But while there are no shocks, there are passages which require some indulgence. It isn’t just the very slow tempo of the first movement that bothers me—Tennstedt and the London Philharmonic put up a very good case for it—but the way that in places where the orchestral contribution becomes less obviously important, Kennedy seems inclined to treat the movement as a kind of colossal accompanied cadenza. He pulls the tempo about pretty freely, and brings his full resources of colour and expression to bear in a way that can yield beautiful passing details but more often saps passages of any sense of forward movement. Perhaps the most striking example comes in the coda. Many other violinists have taken Brahms’s tranquillo to imply a broadening out, but in his concern to wring the juices from every note, Kennedy brings the music near to stasis. Two other young players, Xue-Wei on ASV (see below) and Anne-Sophie Mutter on DG, are both fairly expansive here, but in both versions what really holds the attention is the way the high-soaring violin line seems to emerge in a single flight—it makes you want to hold your breath until the D major resolution at the animato. Hold your breath for Kennedy and you risk suffocation.
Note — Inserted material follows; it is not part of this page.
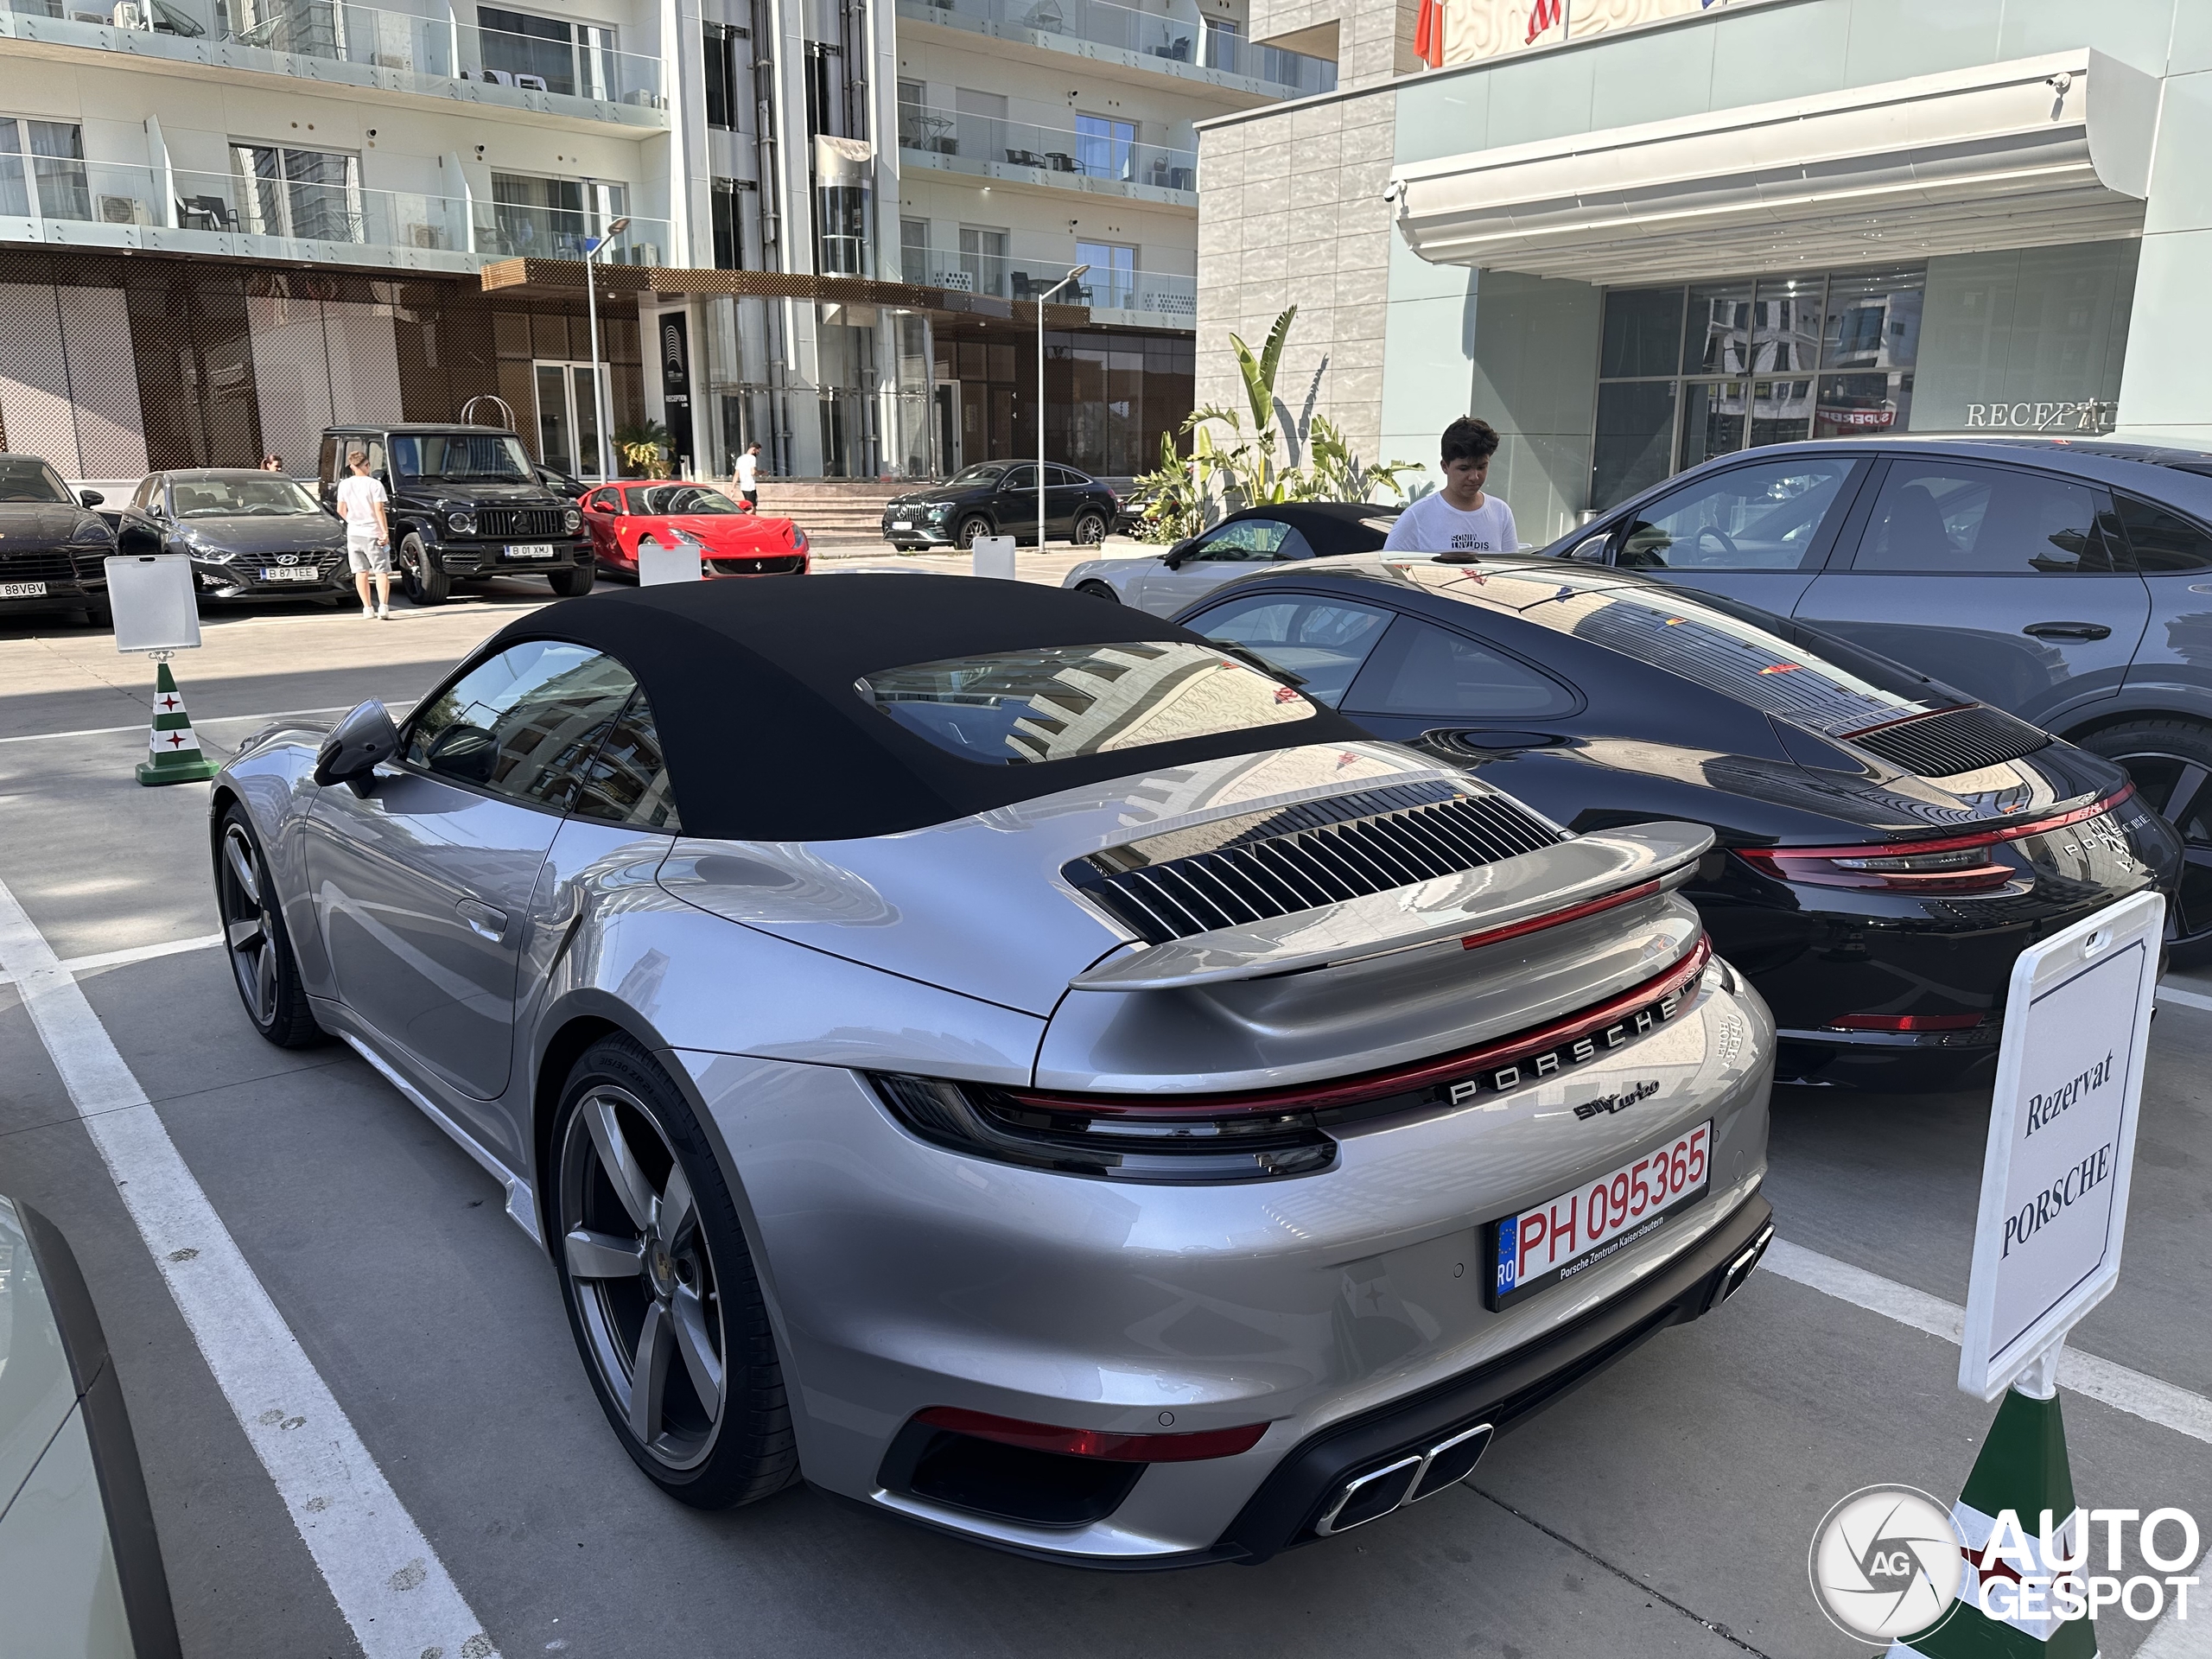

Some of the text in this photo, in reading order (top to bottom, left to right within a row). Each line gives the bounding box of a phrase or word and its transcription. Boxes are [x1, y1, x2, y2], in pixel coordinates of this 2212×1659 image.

Booklet04AAfter this very slow first movement, the equally expansive Adagio (Kennedy takes two minutes longer than Xue-Wei, who isn’t exactly pacey himself) sounds dangerously close to more of the same. Nevertheless, there’s a stronger sense of shape and flow, and Kennedy’s plaintive soliloquizing can be effective. His direct, passionate manner in the F sharp minor central episode is quite stirring. I have to say though that there’s still a great deal here that I find over-coloured or over-characterized. Again, both Xue-Wei and Anne-Sophie Mutter present an ardent, young person’s view of this music, but they also manage to make of it something dramatically tauter. My ideal here—and in that wonderful first movement coda—is Oistrakh: less inclined to wear his heart on his sleeve, but leaving one in absolutely no doubt that he has one. Any of his three currently available versions (with Konwitschny for DG, Klemperer for EMI and Kondrashin for Le Chant du Monde/Harmonia Mundi) will show how restraint and expressive power can be a deadly combination. All the same there’s more than one way of approaching this music, and both Xue-Wei and Mutter show that you can be generous without giving too much away. Kennedy, for all his evident conviction, often weakens his expressive effects by working too hard at them.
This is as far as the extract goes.